Here the guardian describes how they put out more than 50million cars each: http://www.theguardian.com/env...

That article talks almost entirely about sulfur, which is only one aspect of pollution, and arguably less important for vessels/vehicles that spend their time hundreds or thousands of miles from populated areas.

They compare a car with annual use of 15,000km, carrying approximately 100 kg of cargo (1000 ton-miles), with a ship that travels 200,000 km carrying 150,000,000 kg of cargo (20,000,000,000 ton-miles). ie, based on equivalent use, one massive container ship is equal to 20 million cars. If that container ship produces sulfur equivalent to 50 million cars, despite using fuel with 2000 times more sulfur than terrestrial diesel, then I'd say they're doing a damn fine job of pollution control.

Comment Re:come on Google Fiber (Score 1) 341

They're offering service in areas that are already flooded with ISP options, this is not progress.

That's a bit of hyperbole, isn't it? Yes, google is rolling out to relatively high-density neighborhoods, but none of these are "flooded" with ISP options. At best, they have one cable option, one FIOS option, and one DSL option. To the best of my knowledge, there is nowhere in this country that you can choose between two cable providers.

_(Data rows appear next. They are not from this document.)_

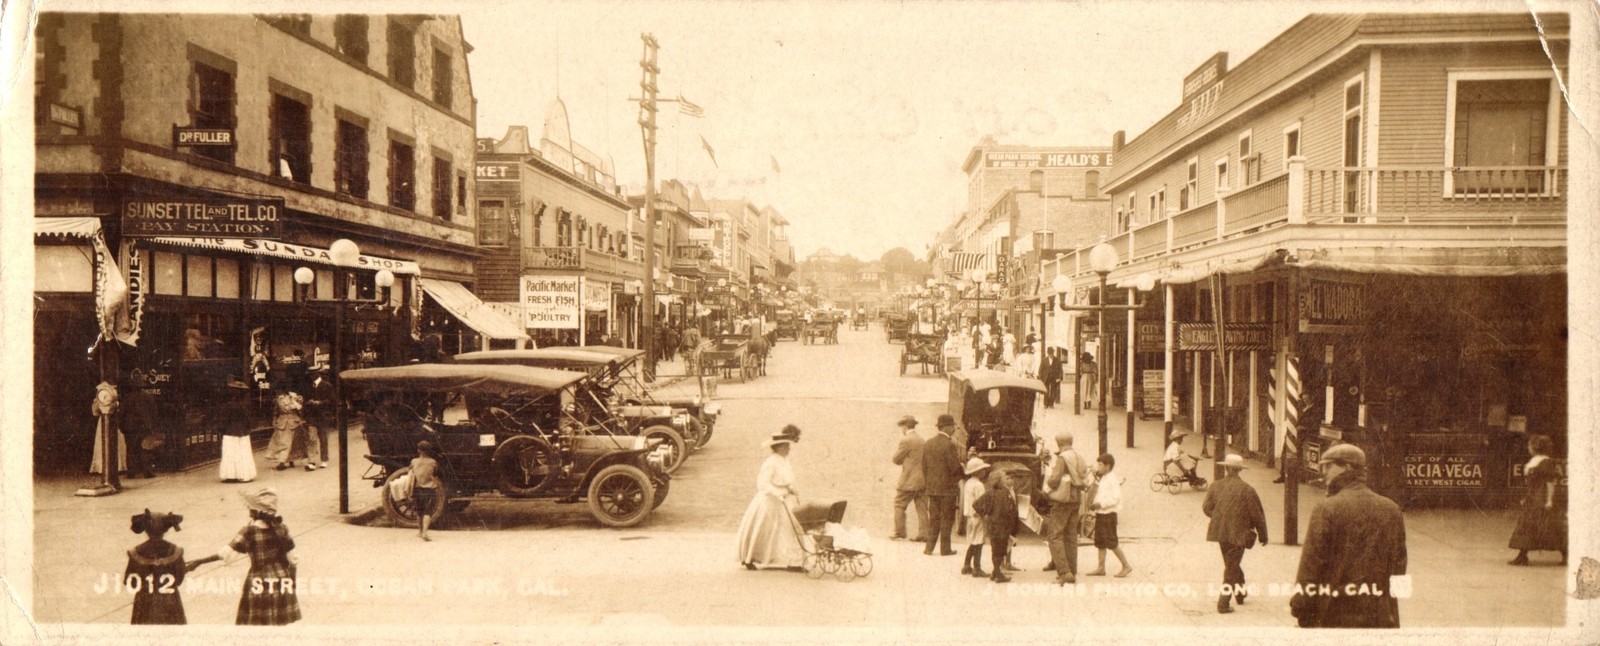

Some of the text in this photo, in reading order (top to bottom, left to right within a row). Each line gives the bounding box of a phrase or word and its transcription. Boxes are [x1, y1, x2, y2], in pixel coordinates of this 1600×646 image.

[194, 132, 230, 142] FULLER
[1047, 153, 1099, 167] HEALD'S
[127, 202, 183, 219] SUNSET
[207, 207, 228, 216] AND
[142, 222, 265, 233] PAY STATION
[243, 239, 330, 261] SUNDA
[359, 255, 405, 269] SHOP
[526, 280, 551, 293] Pacific
[551, 280, 577, 293] Market
[527, 295, 553, 304] FRESH
[529, 313, 571, 322] POULTRY
[1192, 330, 1215, 343] EAGLE
[149, 368, 171, 384] SUEY
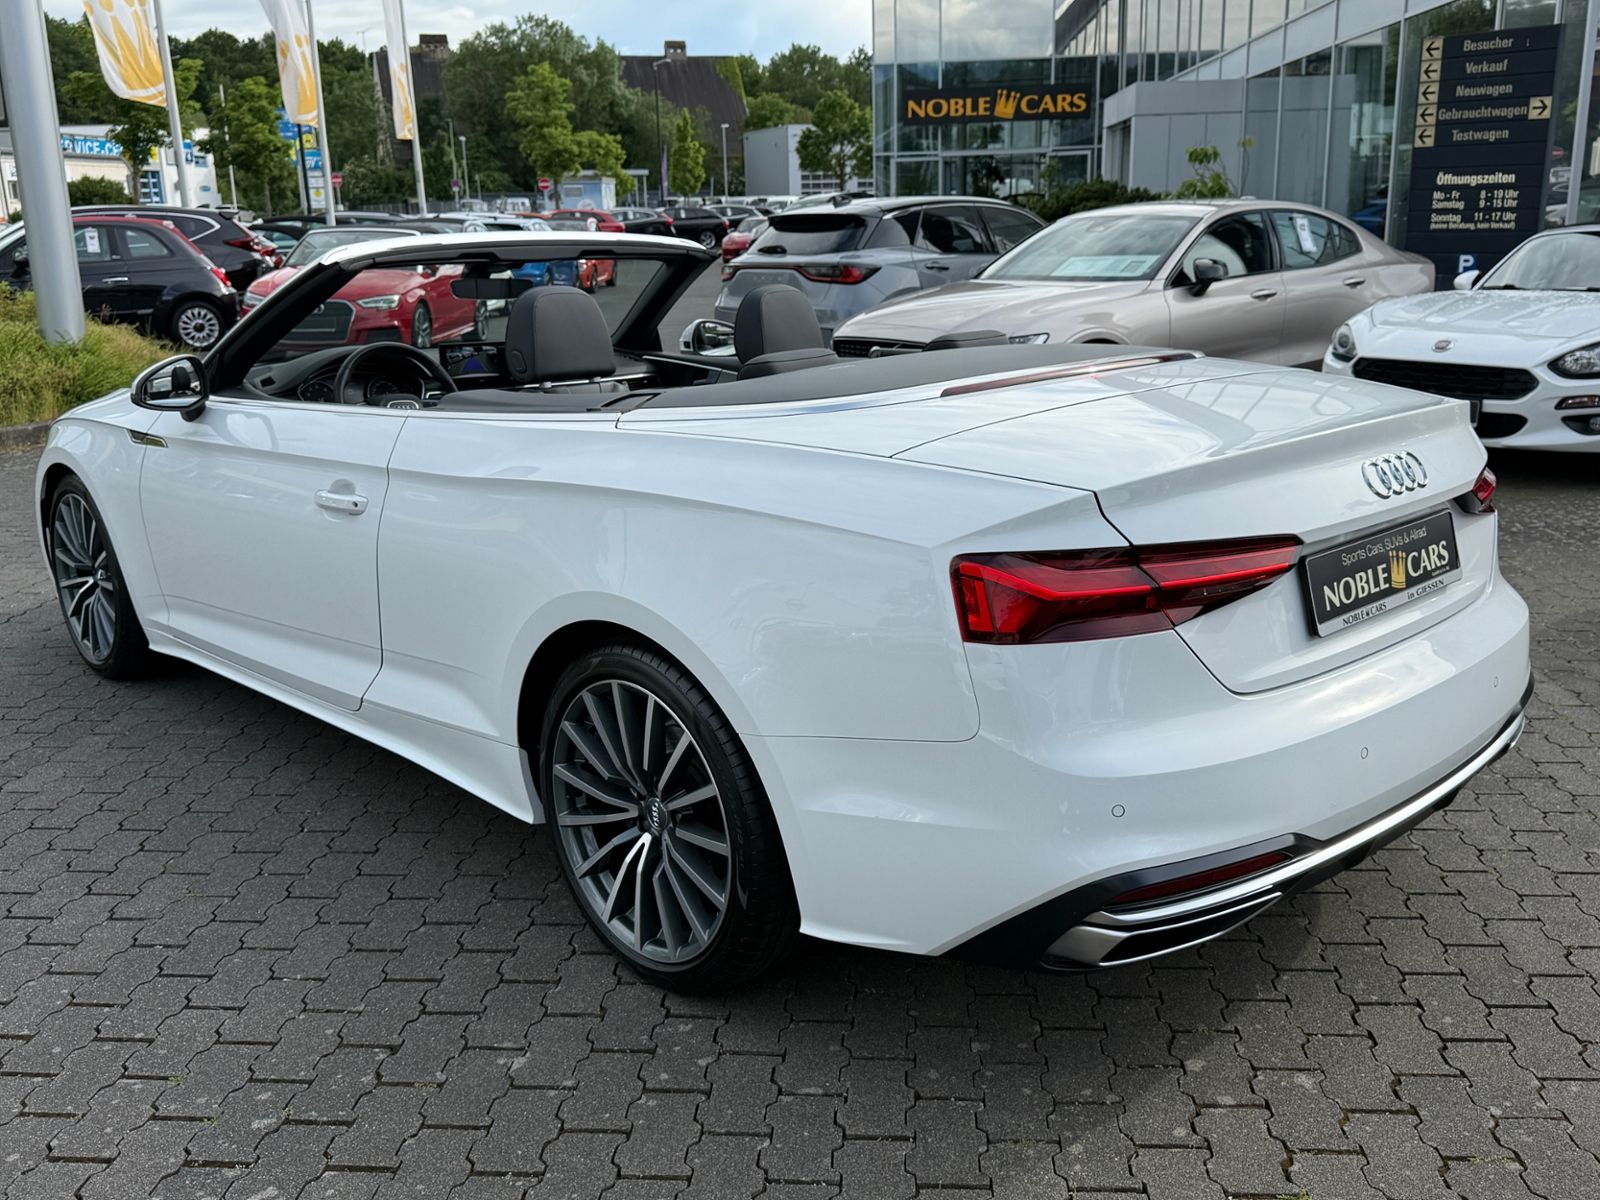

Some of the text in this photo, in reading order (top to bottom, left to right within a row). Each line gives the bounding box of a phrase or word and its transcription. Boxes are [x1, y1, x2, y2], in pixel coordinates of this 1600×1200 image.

You may also be forgetting that, when the incumbent ISPs were themselves startups, they didn't offer much in the way of rural service, either. In fact, most of them had to be paid by the government (and are still being paid by the government) to extend service outside of the most profitable neighborhoods.

Of course, that was 20-50 years ago, so you can be forgiven for imagining that Comcast launched in 1969 to 100,000,000 homes scattered across 80,000 square miles. I, for one, am happy to see anything vaguely resembling a new entrant in communication services. If they can only roll out to one city block, or even just one apartment complex, and provide better, faster or cheaper service than the legacy behemoths, I'll be happy to see them succeed.